*** Available records ***

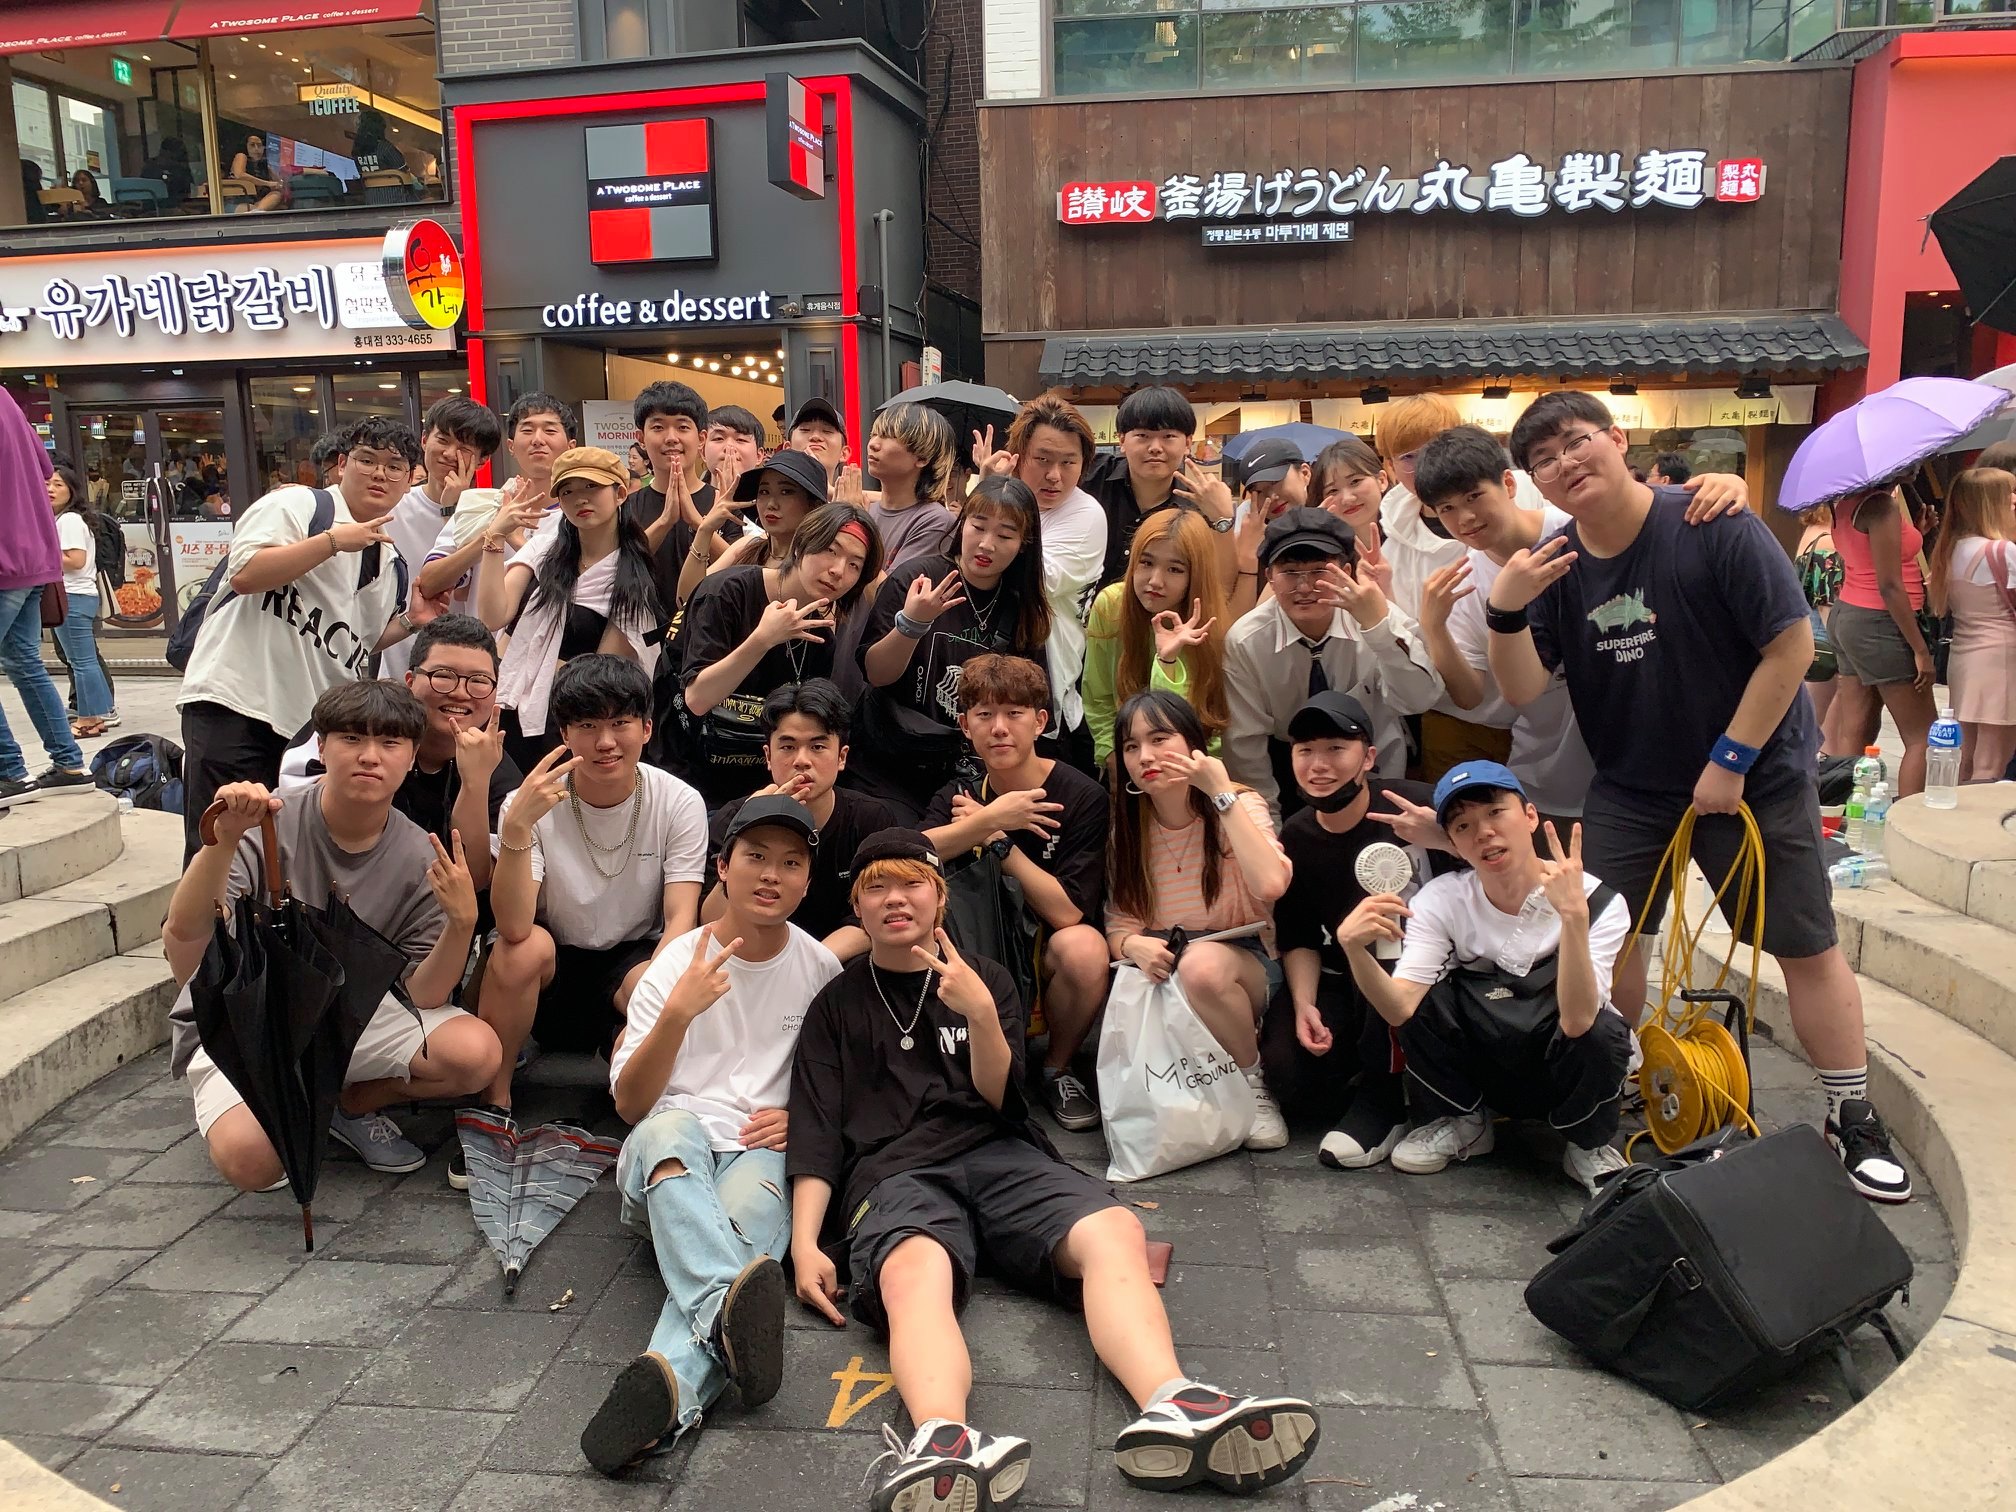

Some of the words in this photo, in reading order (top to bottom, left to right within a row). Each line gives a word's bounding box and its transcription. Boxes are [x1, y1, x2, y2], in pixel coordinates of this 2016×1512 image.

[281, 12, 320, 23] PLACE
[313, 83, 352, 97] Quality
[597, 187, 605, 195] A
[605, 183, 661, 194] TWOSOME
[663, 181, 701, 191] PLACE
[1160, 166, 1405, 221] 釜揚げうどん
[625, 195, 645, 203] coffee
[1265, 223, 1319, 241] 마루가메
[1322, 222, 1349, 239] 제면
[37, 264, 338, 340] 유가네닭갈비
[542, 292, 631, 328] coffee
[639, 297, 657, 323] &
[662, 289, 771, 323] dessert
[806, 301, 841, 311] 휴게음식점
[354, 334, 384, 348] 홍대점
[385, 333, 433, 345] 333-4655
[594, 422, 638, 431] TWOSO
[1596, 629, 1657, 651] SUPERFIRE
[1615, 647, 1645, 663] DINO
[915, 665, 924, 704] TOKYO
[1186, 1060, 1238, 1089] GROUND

*** End of Available records ***

## Your goal
The entries above must be restated exactly in the answer, and the pictures left out.

## Output for this task
Some of the words in this photo, in reading order (top to bottom, left to right within a row). Each line gives a word's bounding box and its transcription. Boxes are [x1, y1, x2, y2], in pixel coordinates of this 2016×1512 image.

[281, 12, 320, 23] PLACE
[313, 83, 352, 97] Quality
[597, 187, 605, 195] A
[605, 183, 661, 194] TWOSOME
[663, 181, 701, 191] PLACE
[1160, 166, 1405, 221] 釜揚げうどん
[625, 195, 645, 203] coffee
[1265, 223, 1319, 241] 마루가메
[1322, 222, 1349, 239] 제면
[37, 264, 338, 340] 유가네닭갈비
[542, 292, 631, 328] coffee
[639, 297, 657, 323] &
[662, 289, 771, 323] dessert
[806, 301, 841, 311] 휴게음식점
[354, 334, 384, 348] 홍대점
[385, 333, 433, 345] 333-4655
[594, 422, 638, 431] TWOSO
[1596, 629, 1657, 651] SUPERFIRE
[1615, 647, 1645, 663] DINO
[915, 665, 924, 704] TOKYO
[1186, 1060, 1238, 1089] GROUND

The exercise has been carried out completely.